Since we're talking statistics, the largest problem is understanding. Most people don't. Maybe that's why people prefer to use external tracking services instead of using the information already on their own website: The access logs. Otherwise I really don't see why you'd use them. No, it won't get everything, but it _will_ give you general trends. And with a large enough sample those trends will be obvious enough.
Plus, all this focus on ``user experience'' gave us dancing rodents and several big fat stacks of proprietary, closed, and platform-dependent stupidity of the likes of flash. The most prevalent user experience therefore has to be ``confused boredom''. And in a score or two years, bitrot has ensured all that crap stays lost forever. That's a definite boon, but not good for general archiving, and therefore a problem.

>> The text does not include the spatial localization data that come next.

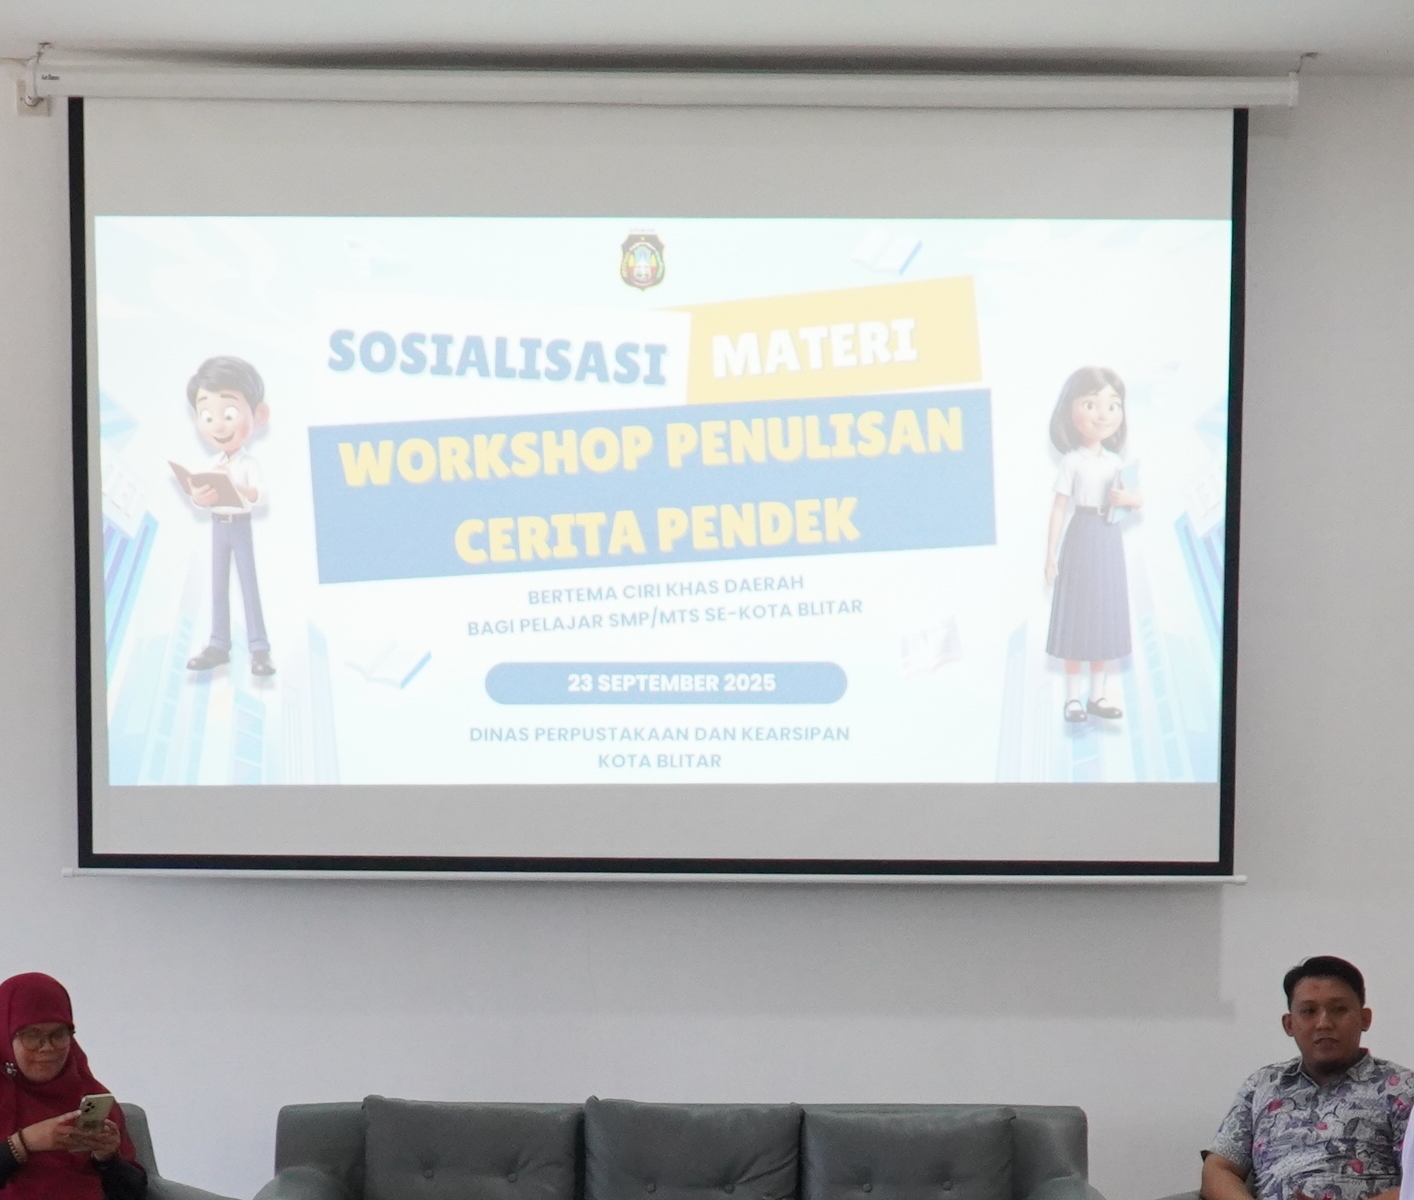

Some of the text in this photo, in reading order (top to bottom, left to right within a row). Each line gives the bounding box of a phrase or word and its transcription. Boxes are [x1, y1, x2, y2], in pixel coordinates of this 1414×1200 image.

[328, 318, 918, 385] SOSIALISASI MATERI
[338, 407, 963, 487] WORKSHOP PENULISAN
[454, 497, 861, 564] CERITA PENDEK
[528, 575, 804, 605] BERTEMA CIRI KHAS DAERAH
[468, 599, 863, 636] BAGI PELAJAR SMP/MTS SE-KOTA BLITAR
[568, 673, 776, 692] 23 SEPTEMBER 2025
[470, 726, 850, 742] DINAS PERPUSTAKAAN DAN KEARSIPAN
[598, 753, 722, 768] KOTA BLITAR

My core concern with websites is what content they have to offer, and if I can't find it, I'm gone. Flash? bye-bye. Confusing layout? Two more clicks and I'm gone again. A sitemap? Click on it and search for a couple keywords. Nothing? Ciao! And so on, and so forth.
``User experience'' is overrated. Focus on the message; write it for me and not at me, make it easy to find, easy to flip through, easy to search, easily available. And for that, you really don't need cookies, and you especially don't need and therefore shall not require javascript, java, or some other proprietary plugin.
If you want to track your users, all you need is a small shell script to connect requests, referrers, and timestamps together and you'll have more info than you could possibly need already.
"to know how people are accessing the sites so they can work out how to improve the experience for the user."
Oh please, pull the other one....we all know what cookies are ultimately used for.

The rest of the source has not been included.